PEDIATRICS Vol. 101 No. 4 April 1998, p. e8
ELECTRONIC ARTICLE:
Anaphylaxis in Children: Clinical and Allergologic Features
Received Sep 17, 1997; accepted Dec 10, 1997.
,
, and
From the * Allergy and Clinical Immunology Unit, Department of
Pediatrics, Florence, Italy; the
Pediatric Clinic, University of
Parma, Parma, Italy; the § Pediatric Unit, Modena Sud Hospital, Modena,
Italy; and the
IV Pediatric Clinic, University of Milan, Milan,
Italy.
Background. Despite the importance of anaphylaxis, little information is available on its clinical features.
Objective. To evaluate the clinical and allergologic features of anaphylaxis in children referred to the allergology and immunology unit of A. Meyer Children's Hospital (Florence, Italy) from 1994 to 1996.
Results. Ninety-five episodes of anaphylaxis occurred in 76 children (50 boys and 26 girls). Sixty-six children (87%) had only one episode of anaphylaxis, while 10 (13%) had two or more episodes. Sixty-two (82%) of the 76 patients had a personal history of atopic symptoms, although 14 (18%) did not.
Sixty (79%) of the 76 children studied had at least one positive skin
prick test to one or more of the common inhalant and/or food allergens.

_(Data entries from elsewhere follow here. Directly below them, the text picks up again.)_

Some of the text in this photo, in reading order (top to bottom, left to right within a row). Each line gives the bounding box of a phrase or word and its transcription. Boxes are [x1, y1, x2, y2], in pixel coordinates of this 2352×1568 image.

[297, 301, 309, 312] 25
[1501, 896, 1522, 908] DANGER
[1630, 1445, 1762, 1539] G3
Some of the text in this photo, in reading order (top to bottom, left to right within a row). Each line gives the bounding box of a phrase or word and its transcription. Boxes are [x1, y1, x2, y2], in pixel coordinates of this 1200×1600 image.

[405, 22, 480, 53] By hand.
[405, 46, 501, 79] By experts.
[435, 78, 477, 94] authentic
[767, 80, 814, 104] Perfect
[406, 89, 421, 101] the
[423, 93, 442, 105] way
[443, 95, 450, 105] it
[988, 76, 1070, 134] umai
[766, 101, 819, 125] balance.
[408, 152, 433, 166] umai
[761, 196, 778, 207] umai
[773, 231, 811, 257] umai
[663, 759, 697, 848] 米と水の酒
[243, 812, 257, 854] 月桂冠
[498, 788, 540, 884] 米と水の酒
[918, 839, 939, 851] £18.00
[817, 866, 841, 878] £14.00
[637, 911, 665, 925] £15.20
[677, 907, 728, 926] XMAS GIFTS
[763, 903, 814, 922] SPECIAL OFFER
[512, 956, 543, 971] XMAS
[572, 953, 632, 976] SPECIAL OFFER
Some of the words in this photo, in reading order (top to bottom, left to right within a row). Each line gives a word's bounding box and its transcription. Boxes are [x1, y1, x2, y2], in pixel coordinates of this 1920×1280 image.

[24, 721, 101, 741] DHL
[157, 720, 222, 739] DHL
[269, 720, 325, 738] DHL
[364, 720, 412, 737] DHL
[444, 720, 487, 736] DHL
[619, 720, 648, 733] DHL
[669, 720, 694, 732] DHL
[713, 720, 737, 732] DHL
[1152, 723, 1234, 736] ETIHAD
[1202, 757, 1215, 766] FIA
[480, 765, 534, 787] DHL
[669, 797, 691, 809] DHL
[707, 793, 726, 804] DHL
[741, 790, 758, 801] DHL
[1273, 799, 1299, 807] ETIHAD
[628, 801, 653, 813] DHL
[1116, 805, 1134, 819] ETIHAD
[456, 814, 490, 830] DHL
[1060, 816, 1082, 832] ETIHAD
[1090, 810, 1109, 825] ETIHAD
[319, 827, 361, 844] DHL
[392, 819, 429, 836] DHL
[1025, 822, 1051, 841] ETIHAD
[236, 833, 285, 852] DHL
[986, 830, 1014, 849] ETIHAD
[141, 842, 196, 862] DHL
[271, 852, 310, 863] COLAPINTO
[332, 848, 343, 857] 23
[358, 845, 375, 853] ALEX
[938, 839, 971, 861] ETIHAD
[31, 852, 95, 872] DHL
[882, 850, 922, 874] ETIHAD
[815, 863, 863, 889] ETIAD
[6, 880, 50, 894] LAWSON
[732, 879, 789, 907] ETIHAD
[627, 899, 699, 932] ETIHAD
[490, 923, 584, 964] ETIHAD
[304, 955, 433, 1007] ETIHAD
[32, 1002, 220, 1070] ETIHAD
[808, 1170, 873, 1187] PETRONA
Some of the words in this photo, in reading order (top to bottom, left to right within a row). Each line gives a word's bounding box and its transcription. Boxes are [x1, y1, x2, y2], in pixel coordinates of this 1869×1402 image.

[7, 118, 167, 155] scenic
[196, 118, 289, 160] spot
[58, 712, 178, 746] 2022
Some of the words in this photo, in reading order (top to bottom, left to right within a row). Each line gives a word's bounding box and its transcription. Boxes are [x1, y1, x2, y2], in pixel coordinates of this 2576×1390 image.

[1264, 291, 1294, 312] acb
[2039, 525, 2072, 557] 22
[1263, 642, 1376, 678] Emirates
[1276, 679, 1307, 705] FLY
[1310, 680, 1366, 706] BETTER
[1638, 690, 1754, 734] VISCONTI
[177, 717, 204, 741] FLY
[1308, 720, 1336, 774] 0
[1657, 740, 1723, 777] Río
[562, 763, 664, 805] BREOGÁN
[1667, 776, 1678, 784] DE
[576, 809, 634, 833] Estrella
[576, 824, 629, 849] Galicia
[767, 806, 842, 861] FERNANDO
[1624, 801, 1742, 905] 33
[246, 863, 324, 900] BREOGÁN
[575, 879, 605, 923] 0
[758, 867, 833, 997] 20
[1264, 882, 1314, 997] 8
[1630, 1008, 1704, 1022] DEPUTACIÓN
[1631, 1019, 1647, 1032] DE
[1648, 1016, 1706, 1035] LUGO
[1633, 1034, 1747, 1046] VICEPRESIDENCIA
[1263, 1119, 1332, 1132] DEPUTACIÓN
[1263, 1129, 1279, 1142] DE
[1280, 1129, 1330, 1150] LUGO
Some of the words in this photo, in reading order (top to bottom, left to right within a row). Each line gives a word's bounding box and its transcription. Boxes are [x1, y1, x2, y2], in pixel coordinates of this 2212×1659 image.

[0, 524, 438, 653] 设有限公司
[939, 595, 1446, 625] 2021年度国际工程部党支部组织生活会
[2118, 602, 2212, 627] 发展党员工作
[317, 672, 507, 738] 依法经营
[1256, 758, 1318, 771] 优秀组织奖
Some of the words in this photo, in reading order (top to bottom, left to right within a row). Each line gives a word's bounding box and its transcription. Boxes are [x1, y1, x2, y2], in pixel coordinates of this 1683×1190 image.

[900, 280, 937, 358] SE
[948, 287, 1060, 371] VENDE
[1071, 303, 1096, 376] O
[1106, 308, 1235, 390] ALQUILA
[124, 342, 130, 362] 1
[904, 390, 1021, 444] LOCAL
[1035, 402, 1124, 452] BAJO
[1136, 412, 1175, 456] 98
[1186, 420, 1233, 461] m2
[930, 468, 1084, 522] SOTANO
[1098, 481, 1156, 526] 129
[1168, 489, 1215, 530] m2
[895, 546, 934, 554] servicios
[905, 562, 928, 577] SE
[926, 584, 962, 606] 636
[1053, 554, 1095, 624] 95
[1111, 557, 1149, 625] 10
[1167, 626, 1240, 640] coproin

Children with venom-induced anaphylaxis usually had negative skin tests
to the allergens tested. A younger age and eczema were more frequent
among children with food-dependent anaphylaxis, whereas an older age
together with urticaria-angioedema were common among those with
exercise-induced anaphylaxis. The mean latent period (±SD) of the
anaphylaxis episodes was 15.4 ± 27.5 minutes. Skin and
respiratory manifestations had an earlier onset and were more common
than the gastrointestinal and cardiovascular ones. The most frequent
clinical manifestation in children with food anaphylaxis was
gastrointestinal symptoms, whereas cardiovascular symptoms were rare.
The most probable causative agents in the 95 episodes described were
foods (57%), drugs (11%), hymenoptera venom (12%), exercise (9%),
additives (1%), specific immunotherapy (1%), latex (1%), and
vaccines (2%), but in 6 cases (6%) the agent was never determined.
Among the foods, seafood and milk were the most frequently involved. As
for location, 57% of the anaphylactic events occurred in the home
(54/95), 12% outdoors (11/95); 5% in restaurants (5/95); 3% in the
doctor's office (3/95); 3% in hospitals (3/95); 3% on football
fields (3/95); 2% on the beach (2/95); 1% in the gym (1/95); 1% at
school (1/95); and 1% in the operating room (1/95). In the remaining
12% of cases (11/95) the site remained unknown. Sixty-two percent of
the patients (59/95) were treated in an emergency room or hospital,
while 32% (30/95) were not (this information is lacking in 6% of the
cases [6/95]). Patients were treated with corticosteroids in 72% of
the cases (68/95), with antihistamines in 20% (19/95), with
epinephrine in 18% (17/95), with
2-agonists in 5%
(5/95), and with oxygen in 4% (4/95).
Conclusions. In our area, foods, particularly seafood and milk, seem to be the most important etiologic factors triggering anaphylaxis. Food-induced anaphylaxis often occurs in younger children with a severe food allergy, whereas exercise-induced anaphylaxis occurs more often in older children with a history of urticaria-angioedema. The venom-induced variant usually presents itself in nonatopic subjects. Given the fact that most of the children had only one anaphylactic reaction, prevention is almost impossible. Epinephrine, although it is the first-choice treatment of anaphylaxis, often goes unused, even in hospitals and doctors' offices.
Key words: anaphylaxis, child, clinical features, allergologic features.